Eli Lilly is also a frequent participant in mergers and acquisitions. Prior to this transaction, the company acquired ARMO BioScience, a California-based firm, for $1.6 billion in May 2018. ARMO’s immunotherapy drug, pegilodecakin, is primarily used in late-stage clinical treatment of pancreatic cancer and is also undergoing early-phase clinical trials for lung cancer, renal cell carcinoma, melanoma, and other solid tumors.

 

In the pharmaceutical and biotechnology sector, ARMO BioSciences was also an early-stage company. Founded in 2013, it went public only in January 2018, with Eli Lilly’s acquisition price representing a two-fold premium over its IPO price. Just four days after this deal, Eli Lilly announced another oncology drug acquisition plan, intending to purchase the compound AK-01 from Montreal-based AurKa Pharma Inc. for up to $575 million.
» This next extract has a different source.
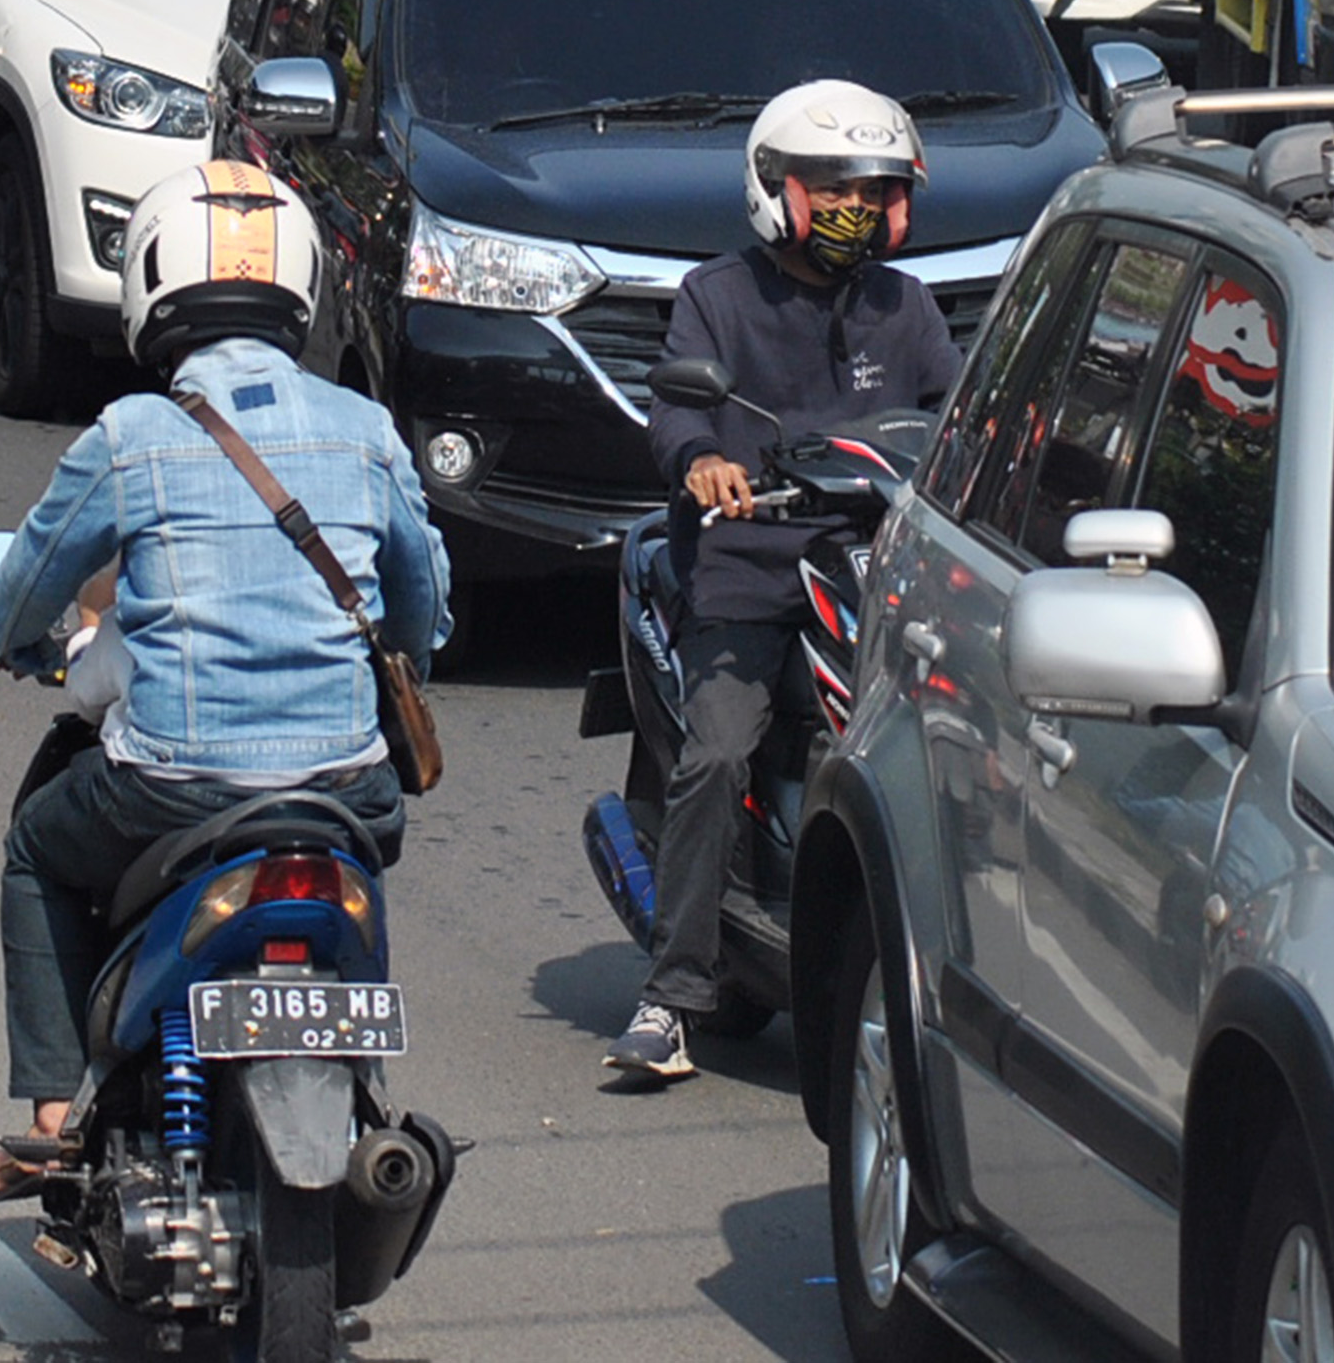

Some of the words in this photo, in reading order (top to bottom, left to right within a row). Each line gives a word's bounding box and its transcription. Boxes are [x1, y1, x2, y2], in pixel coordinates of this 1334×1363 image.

[201, 988, 222, 1021] F
[250, 987, 328, 1019] 3165
[348, 989, 391, 1019] MB
Notably, this same compound had been sold by Eli Lilly in 2016.

 

M&A integration remains an enduring theme in the pharmaceutical and biotechnology sector, driven primarily by the following factors: companies facing patent cliffs for their flagship products acquire others to bolster their pipelines; or, when organic growth stalls, acquisitions enable rapid expansion of operational scale to meet investor expectations for growth.

 

The latter reason may be more significant, as the pharmaceutical and biotechnology sector is inherently a slow-growth industry. Compounded by various factors such as policy, regulation, and reimbursement, sustaining continuous growth is highly challenging, let alone achieving the exponential growth seen in the internet sector. After going public, companies are easily swept up by investor sentiment, engaging in mergers and acquisitions to bolster performance. In other words, Wall Street has transformed the business model of the pharmaceutical and biotechnology industry.

 

Certainly, the rapid development of biomedicine has also brought more targets for industry mergers and acquisitions, especially some small companies. Relying on the capabilities of key figures to develop flagship products, these companies then sell them to large corporations for commercialization. After spending a few years within these larger entities, individuals often leave to embark on new projects, seemingly forming a positive cycle of "industrial division of labor."

 

A fundamental principle in drug development, particularly for innovative medicines, is to center on patient needs and address unmet clinical demands. By adhering to this logic, companies can not only benefit patients but also reap substantial financial rewards.